Instance DNS in multi-tenant services

“The cloud” is full of multi-tenant systems. Users create apps/instances/projects/sites/etc, each of which is supposed to appear as an isolated instance of the service. But in reality, these instances are multiplexed onto much fewer servers/clusters.

Therefore, something needs to determine which instances are on which clusters. Given an instance, what cluster is it on? There are several places in the system where you could ask and answer this question.

At Pusher (the company I work for), the cluster is identified extremely early: the developer has to hardcode the cluster in the clients that are to use it. Instead, the cluster could be identified at runtime. A central service could keep track of the app-to-cluster mapping, and the clients would consult this service each time they use the app.

The hardcoded-cluster approach has some advantages: operational simplicity and no lookups. But this approach has some significant disadvantages too: more configuration for the user, no central authority, and difficulty in changing the cluster later. I think this is why many other multi-tenant services use runtime lookup. For example, Heroku does this.

Specifically, other multi-tenant services do runtime cluster lookup using DNS. DNS is the ideal service for this: it’s designed for serving name-to-location mappings, and it’s supported everywhere.

Pusher already has DNS for each cluster. For example, ws-mt1.pusher.com will resolve to one of many WebSocket servers in the cluster “mt1”. We’d like to reuse this existing configuration. Our DNS app server should return a CNAME record, referring the client to the specific cluster’s domain.

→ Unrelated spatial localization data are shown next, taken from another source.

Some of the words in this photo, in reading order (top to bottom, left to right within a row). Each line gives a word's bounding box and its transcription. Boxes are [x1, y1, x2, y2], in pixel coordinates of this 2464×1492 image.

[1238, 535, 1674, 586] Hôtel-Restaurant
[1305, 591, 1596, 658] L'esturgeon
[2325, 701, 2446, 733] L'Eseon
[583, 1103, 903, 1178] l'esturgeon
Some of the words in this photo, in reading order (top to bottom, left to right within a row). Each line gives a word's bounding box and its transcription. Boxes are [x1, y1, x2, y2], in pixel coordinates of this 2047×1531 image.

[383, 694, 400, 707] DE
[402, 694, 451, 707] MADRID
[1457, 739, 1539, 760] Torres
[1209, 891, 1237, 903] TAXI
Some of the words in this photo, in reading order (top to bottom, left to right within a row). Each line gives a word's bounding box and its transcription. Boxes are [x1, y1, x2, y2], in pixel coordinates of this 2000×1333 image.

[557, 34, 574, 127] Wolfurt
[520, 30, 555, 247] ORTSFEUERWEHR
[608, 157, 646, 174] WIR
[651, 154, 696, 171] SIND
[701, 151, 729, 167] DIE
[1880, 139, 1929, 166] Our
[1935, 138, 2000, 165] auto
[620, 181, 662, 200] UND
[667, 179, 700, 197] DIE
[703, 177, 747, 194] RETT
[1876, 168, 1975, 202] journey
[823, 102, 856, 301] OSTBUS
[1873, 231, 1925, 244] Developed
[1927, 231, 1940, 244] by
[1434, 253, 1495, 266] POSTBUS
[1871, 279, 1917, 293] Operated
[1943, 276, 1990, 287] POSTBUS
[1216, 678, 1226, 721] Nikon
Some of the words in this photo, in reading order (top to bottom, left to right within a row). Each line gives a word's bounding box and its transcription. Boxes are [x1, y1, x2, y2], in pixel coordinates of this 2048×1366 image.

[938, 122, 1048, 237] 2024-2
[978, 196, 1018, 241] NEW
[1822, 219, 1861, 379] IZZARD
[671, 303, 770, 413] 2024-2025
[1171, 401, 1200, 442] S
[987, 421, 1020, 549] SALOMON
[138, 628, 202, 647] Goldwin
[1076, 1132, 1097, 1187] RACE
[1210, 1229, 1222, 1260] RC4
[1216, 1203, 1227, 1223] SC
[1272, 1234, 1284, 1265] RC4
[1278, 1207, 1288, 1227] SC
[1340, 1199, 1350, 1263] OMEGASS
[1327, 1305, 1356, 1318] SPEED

Each Pusher cluster has not one domain, but a set of domains. For example, the cluster “mt1” has domains ws-mt1.pusher.com, sockjs-mt1.pusher.com, and api-mt1.pusher.com. When the client queries the DNS server, it needs to pass more than just the Pusher App ID; it also needs to pass the specific service it wants (such as ws, sockjs, or api).

If Pusher were to support app DNS, each app would have its own domain. Pusher apps are identified by an immutable App ID (which happens to be numeric). As a domain, this could be like 123456.apps.pusher.com. But this domain also needs to identify the service, such as ws. So let’s format the domains as ws-123456.apps.pusher.com.

Thus our DNS server would take queries for domains of the form service+"-"+app+".apps.pusher.com.", and would return service+"-"+app+".apps.pusher.com. 300 IN CNAME "+service+"-"+clusterof(app)+".pusher.com."

The clusterof(app) function would look up against a central database. However, it would be infinitely cacheable, since the cluster for an app does not change.